[kictanet] Faith in local web hosting

robert yawe robertyawe at yahoo.co.uk
Wed Dec 5 09:03:46 EAT 2007

Dear Mr. Mucheru,

I hear you but we are missing out on a vital point, never go to the negotiating table from a position of weakness.  What is the likelihood of getting a mortgage from the bank if you have no savings, no job and no business?

As I have said before, the fiber is going to land whether I like it or not, but that does not stop me from airing my views.

You raise the issue of India have you looked at how much local content they have and their utilisation of local connectivity?  If you follow the issue of India closely you will note that they first developed local capacity.  India used the so called slow satellite connections to reach the outside world and because of the capacity they had developed the locally Microsoft, Motorola and other large American companies saw the need to increase the speed of connectivity to India.

Safaricom should be a case in point for us, how many minutes of International calls do you think is the contribution to their 17 Billion profit.  Imagine if they had setup shop & concentrated their efforts on International calling where would they be today?

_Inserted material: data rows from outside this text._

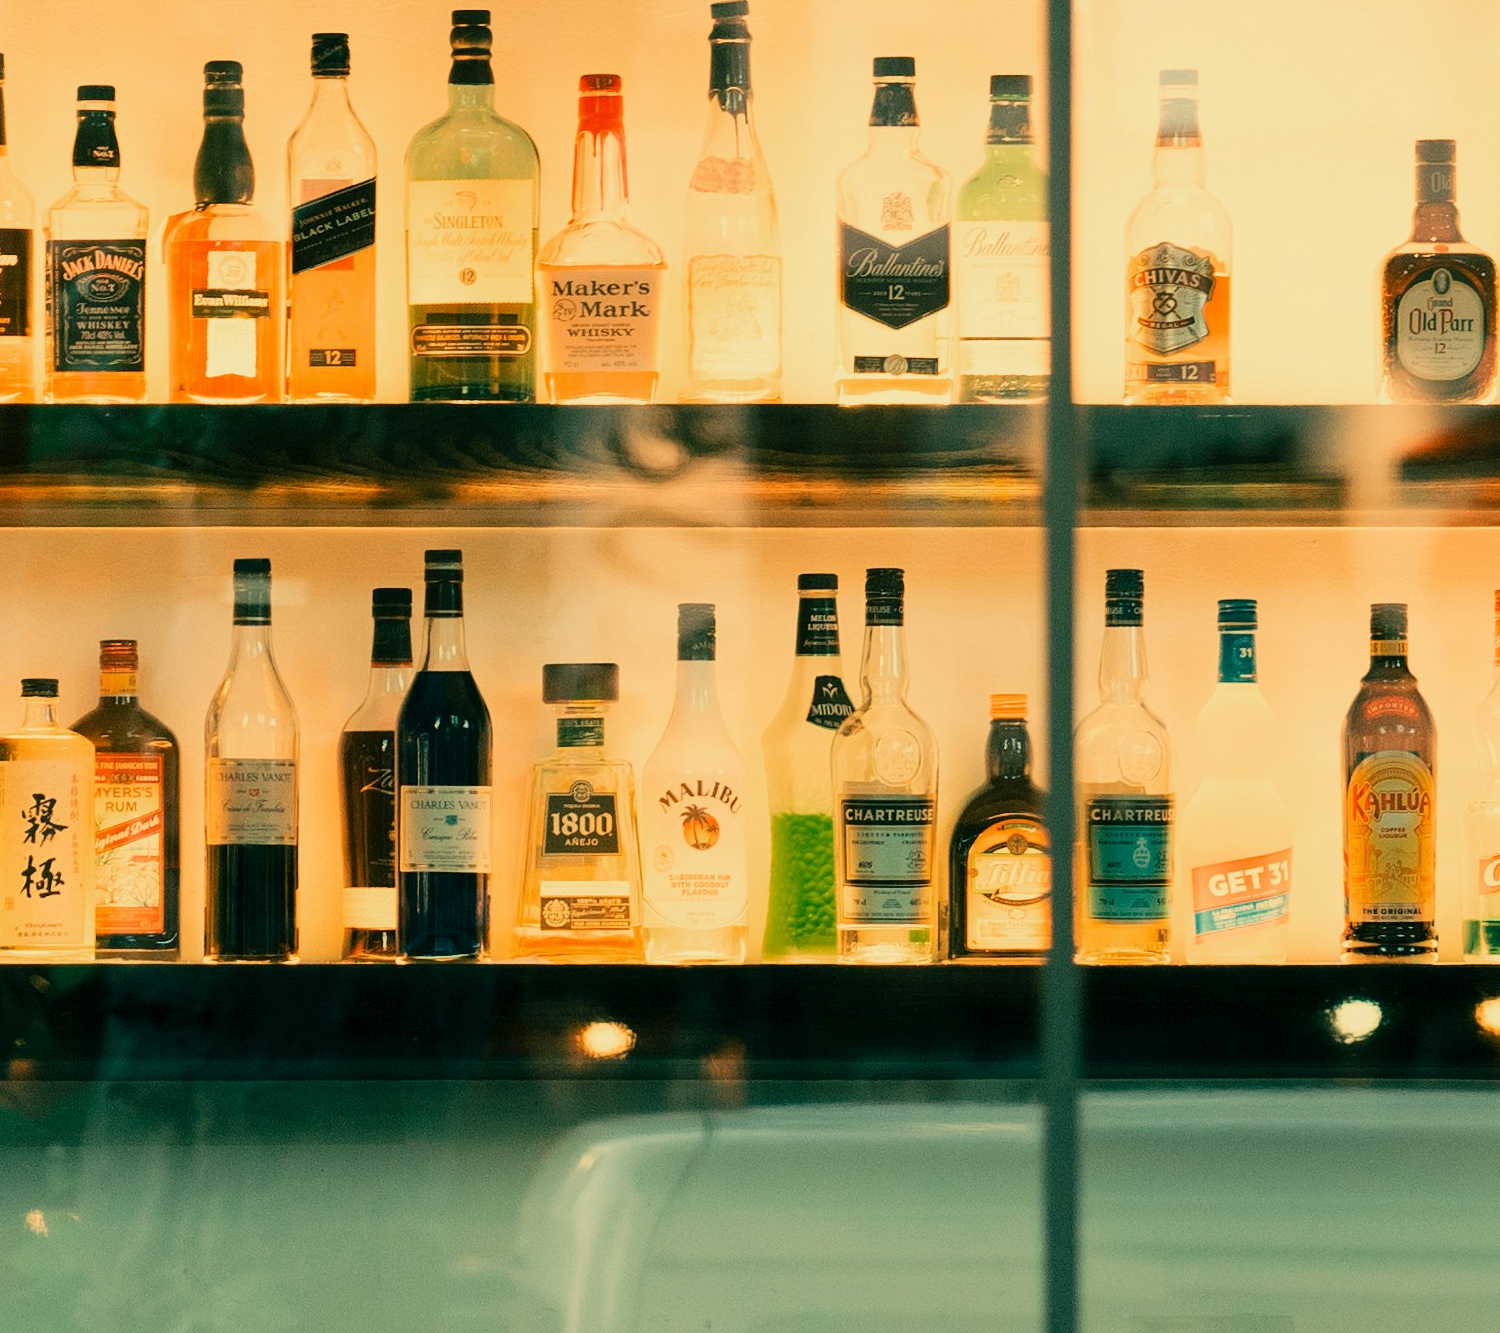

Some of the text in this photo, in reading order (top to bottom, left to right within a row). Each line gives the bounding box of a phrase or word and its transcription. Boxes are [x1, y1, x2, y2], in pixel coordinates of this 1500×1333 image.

[298, 197, 368, 229] JOHNNIE WALKER
[433, 211, 503, 229] SINGLETON
[293, 209, 376, 243] BLACK LABEL
[61, 249, 145, 282] JACK DANIEL'S
[846, 247, 945, 278] Ballantine's
[1134, 269, 1201, 289] CHIVAS
[551, 279, 651, 298] Maker's
[887, 284, 906, 301] 12
[75, 302, 131, 316] Tennessee
[194, 293, 269, 308] Evan Williams
[578, 300, 651, 318] Mark
[1426, 296, 1454, 311] Grand
[76, 319, 131, 331] WHISKEY
[1408, 308, 1475, 335] Old Parr
[566, 327, 636, 338] WHISKY
[1434, 342, 1447, 354] 12
[324, 350, 341, 365] 12
[1180, 364, 1198, 379] 12
[1239, 647, 1253, 659] 31
[811, 701, 853, 718] MIDORI
[214, 772, 261, 784] CHARLES
[658, 779, 743, 814] MALIBU
[1352, 782, 1431, 824] KAHLÚA
[104, 801, 138, 813] RUM
[409, 799, 457, 812] CHARLES
[845, 807, 934, 822] CHARTREUSE
[1090, 807, 1176, 822] CHARTREUSE
[129, 815, 161, 836] Dark
[550, 812, 613, 836] 1800
[564, 836, 600, 848] AÑEJO
[1208, 859, 1290, 898] GET 31

Your analogy of a Road from Mwea to Kericho is an interesting one, if you have noticed all roads have led to Nairobi for many years it is only after those satellite locations have grown sufficient traffic through Nairobi that we have developed direct linkages.  A case in point is the road connecting from Machakos to Thika, Kitengela to Rongai, and the now being constructed Njambini Road.

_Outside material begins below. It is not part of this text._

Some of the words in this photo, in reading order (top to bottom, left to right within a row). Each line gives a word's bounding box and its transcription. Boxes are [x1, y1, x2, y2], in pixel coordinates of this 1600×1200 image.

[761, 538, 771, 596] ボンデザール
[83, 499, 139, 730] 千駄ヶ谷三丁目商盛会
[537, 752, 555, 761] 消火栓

Why didn't we develop this roads at independence? 

What most of you are suggesting is that we put up a Kes. 500,000/- toilet with jacuzzi for a one roomed iron sheet house in Kibera so that the occupant can enjoy themselves for 20 minutes every day.  

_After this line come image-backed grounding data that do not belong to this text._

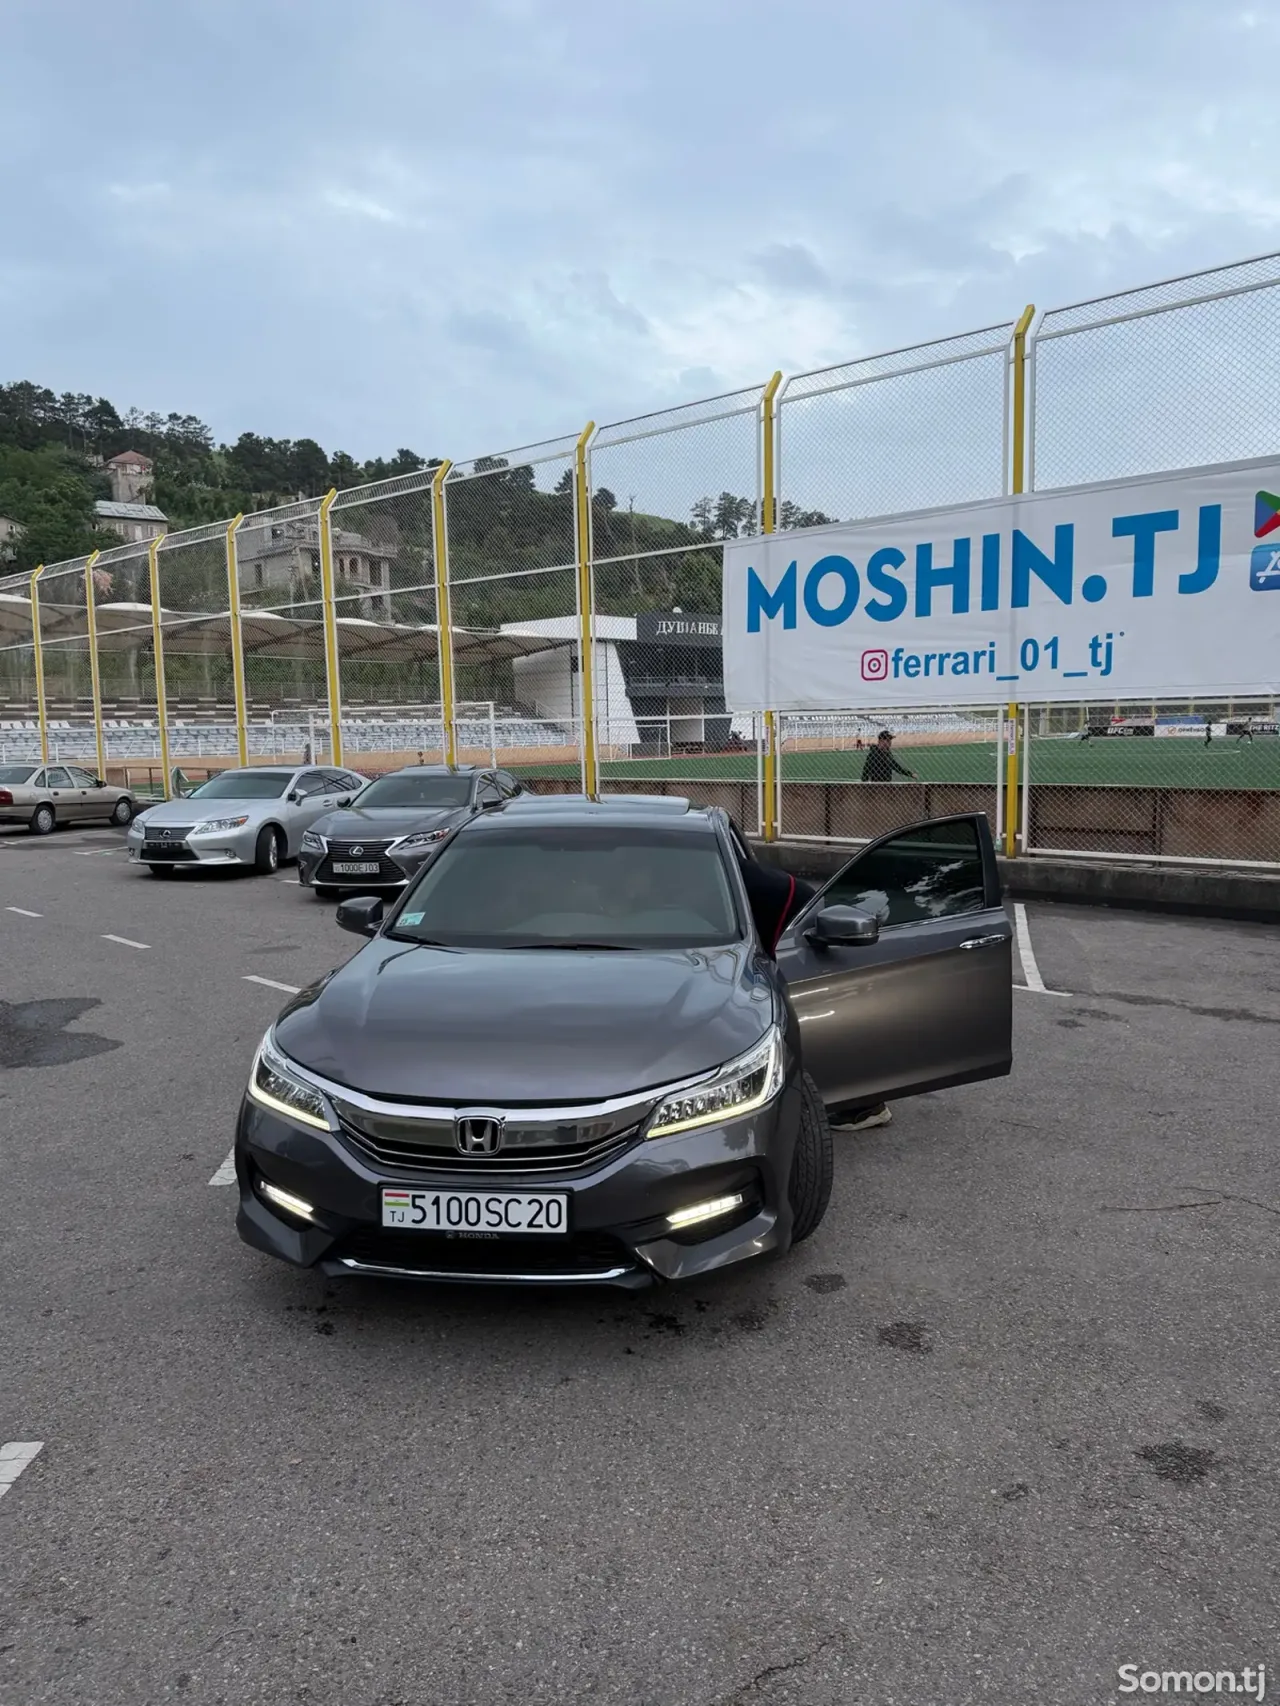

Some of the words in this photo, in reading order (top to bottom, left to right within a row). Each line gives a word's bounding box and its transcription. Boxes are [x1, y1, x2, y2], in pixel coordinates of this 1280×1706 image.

[747, 503, 1222, 633] MOSHIN.TJ
[891, 632, 1114, 681] ferrari_01_tj
[390, 1211, 405, 1223] TJ
[411, 1194, 562, 1229] 5100SC20
[458, 1231, 500, 1240] HONDA

Instead of us continuing to discus the pros and cons of landing the fiber in 2009, lets concentrate our efforts, skills and resources in preparing for its arrival.  I do not pretend to have all the answers but together I believe we can better prepare this country for the marine cable than the West African countries did.

PS.  KAY System designs and implements appropriate local and wide area networks and we are currently working on an online payment system that will make e-commerce a reality to the majority of Kenyans.

Robert Yawe
KAY System Technologies Ltd
Phoenix House, 6th Floor
P O Box 55806 Nairobi, 00200
Tel: +254722511225

----- Original Message ----
From: Joseph Mucheru <jmucheru at google.com>
To: robert yawe <robertyawe at yahoo.co.uk>
Cc: KICTAnet ICT Policy Discussions <kictanet at lists.kictanet.or.ke>; info at mediacorp.co.ke
Sent: Friday, 30 November, 2007 5:15:20 PM
Subject: Re: [kictanet] Faith in local web hosting


I trust this email finds you well. Some important facts I, we are not alone, and neither is Kenya. We need to as a country remain competitive and further more we need to do so efficiently and quickly. Right now our competition in the digital is from all corners of the globe. As we speak bandwidth costs in Kenya are on average US$6,000 per MB while the same bandwidth costs US$ 400 in India, they are able to transact faster and further more hae the ability to have many other services on the same cable compared to our satellite only capacity.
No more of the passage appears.